En plus du chapitre consacré aux primitifs extralogiques (le ch. III),
dans lequel au §11, les « unités de base » minimales du système sont
identifiées – ou sélectionnées –
comme « atomes », une « première approche des problèmes »
est donnée au ch. IV. Avec l’éviction du « critère de priorité
épistémologique » commence à se dessiner la carte que l’auteur entend
dresser du monde des apparences. Ce critère avait plus ou moins été admis par
Carnap dans un mouvement double : fournir une « explication » phénoméniste, mais la rapporter à la
façon dont nous interprétons l’expérience directe telle que l’avait critiquée
Avenarius et Mach (pour eux les observables étant fonctionnels). Les
précautions terminologiques sont donc par soi constitutives du projet même de
la Structure et ne sont nullement des
hors d’œuvre. Ce n’est d’ailleurs qu’ensuite, après avoir présenté une sorte de
correction minutieuse du système de l’Aufbau,
que Goodman livre le cœur philosophique de l’ouvrage, aux chapitres V et VI. Le
dispositif, qu’il faut entendre
comme un moyen perfectionné pour construire un monde — et non pas du tout pour
décrire « comment » apparaissent les apparences —, est donc exposé
avec précision. Il est par nature rigoureusement limitatif : Goodman ne cesse pas de se rétracter devant toute
forme d’ affirmation
« substantielle » qui porterait sur la nature de ces qualités. Ses « révisions »

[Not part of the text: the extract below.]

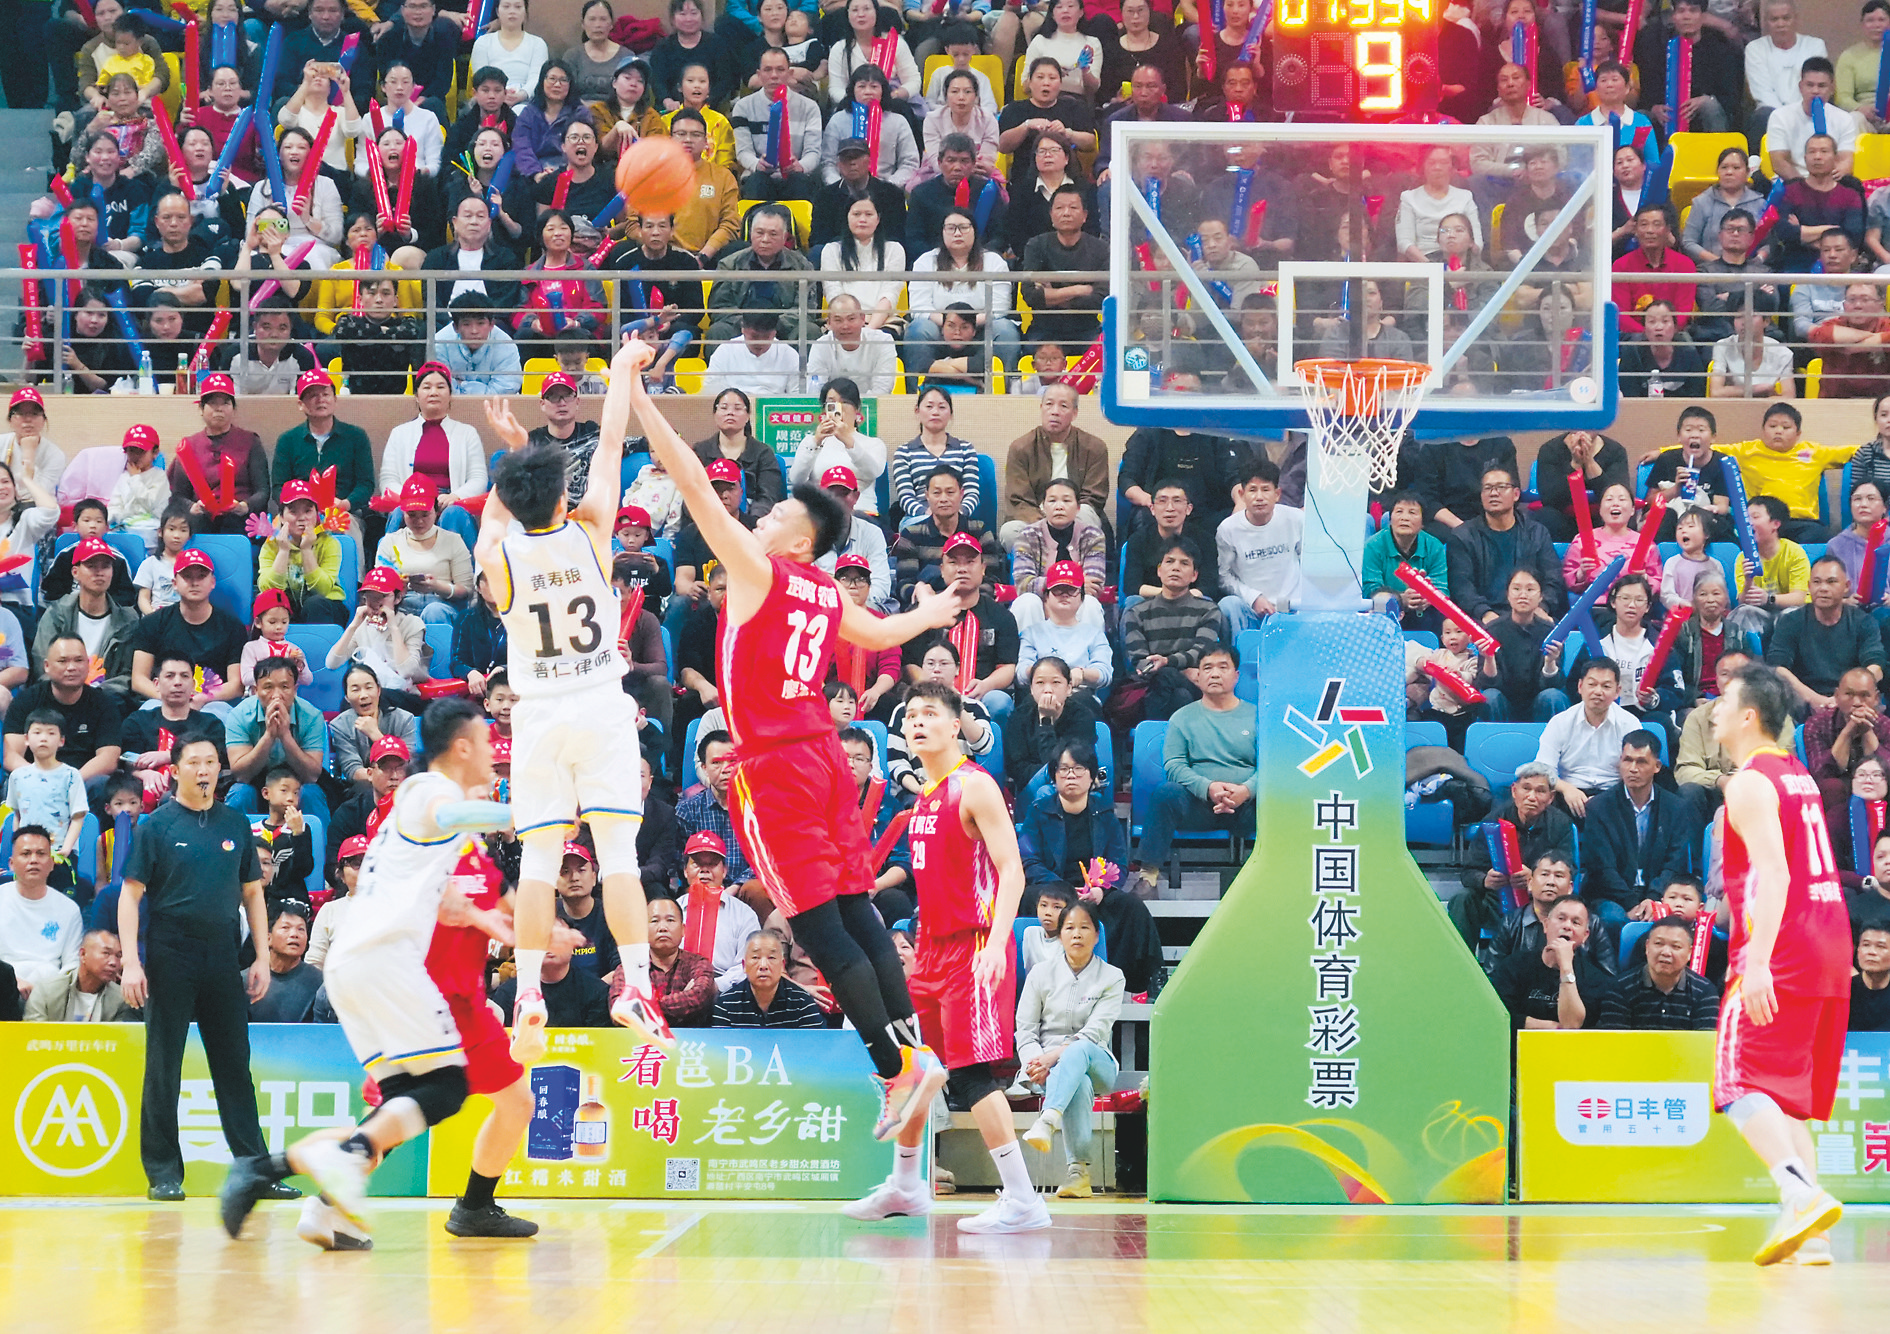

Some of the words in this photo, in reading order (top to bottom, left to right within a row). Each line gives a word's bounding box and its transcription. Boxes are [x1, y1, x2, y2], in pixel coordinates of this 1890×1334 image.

très scrupuleuses (les autres approches possibles) sont d’ailleurs renouvelées
ensuite, selon les besoins au ch. VIII (§ 4), et au ch. IX (§ 3). La troisième
partie du livre propose une quasi-analyse
ordinale — sur le modèle initié par Carnap — qui révèle l’apparence
topologique en forme de « réseaux », « domaines » et
« fiefs » : le lecteur
se trouve alors absorbé dans la structure même, devenue une sorte de schéma
ésotérique des lieux de l’apparence. Cette structure
d’ordre est pourtant « réduite » — elle aussi, et à son tour— à
son expression mathématique : celle des graphes
homogènes finis. Un dernier chapitre consacré aux indicateurs temporels est
l’un des plus captivants. Mais nous essayerons de nous concentrer sur le noyau
philosophique central et sur les questions originales qu’il a posées, sans
qu’on ne puisse espérer épuiser en quelques remarques l’intérêt d’un livre
aussi ingénieux et aussi influent.
:
Goodman écrit (p.101 de la trad.fr.) : « bien que la reconnaissance
d’un quale ne puisse pas strictement
être soumise à une épreuve, elle est fondée et révocable ». On peut noter
que c’est ainsi sur le terrain de la reconnaissance possible, donc arbitraire,
qu’est reportée l’idée de fondation.
:
Pour Clark, si l’identité
qualitative est transitive, l’appariement (matching) ne l’est pas, et ne
fournit pas une condition d’identité suffisante pour l’identité qualitative (Sensory Qualities, p. 59). Dans un
système où un quale est un répétable reconnaissable dans diverses présentations
(ce qui dit bien Goodman, p. 97), si on invoque des présentations comme atomes,
l’appariement des qualia n’aurait pas besoin d’être construit comme il le fait
pour référer à quelque chose comme des classes
indiscriminables de présentations. Pour Clark, le paradoxe des qualia
identiques mais objectivement distincts n’existe pas, ou plutôt, ce serait
aller au-delà des apparences que de vouloir lever le paradoxe s’il existait.
Les stimuli sont en tant classes-places « indiscriminables » ;
nous n’avons que des propriétés qualitatives qui portent de l’information sur
des ensembles de stimulis discriminés (69), de sorte qu’une propriété phénoménale
« is a location within a quality space ». A la limite évidemment,
reconnaît-il, contre ceux qui pensent que la construction de Goodman est
« purement » conventionnelle, des arguments empiriques pourraient y
correspondre si on abandonnait le nominalisme de l’auteur.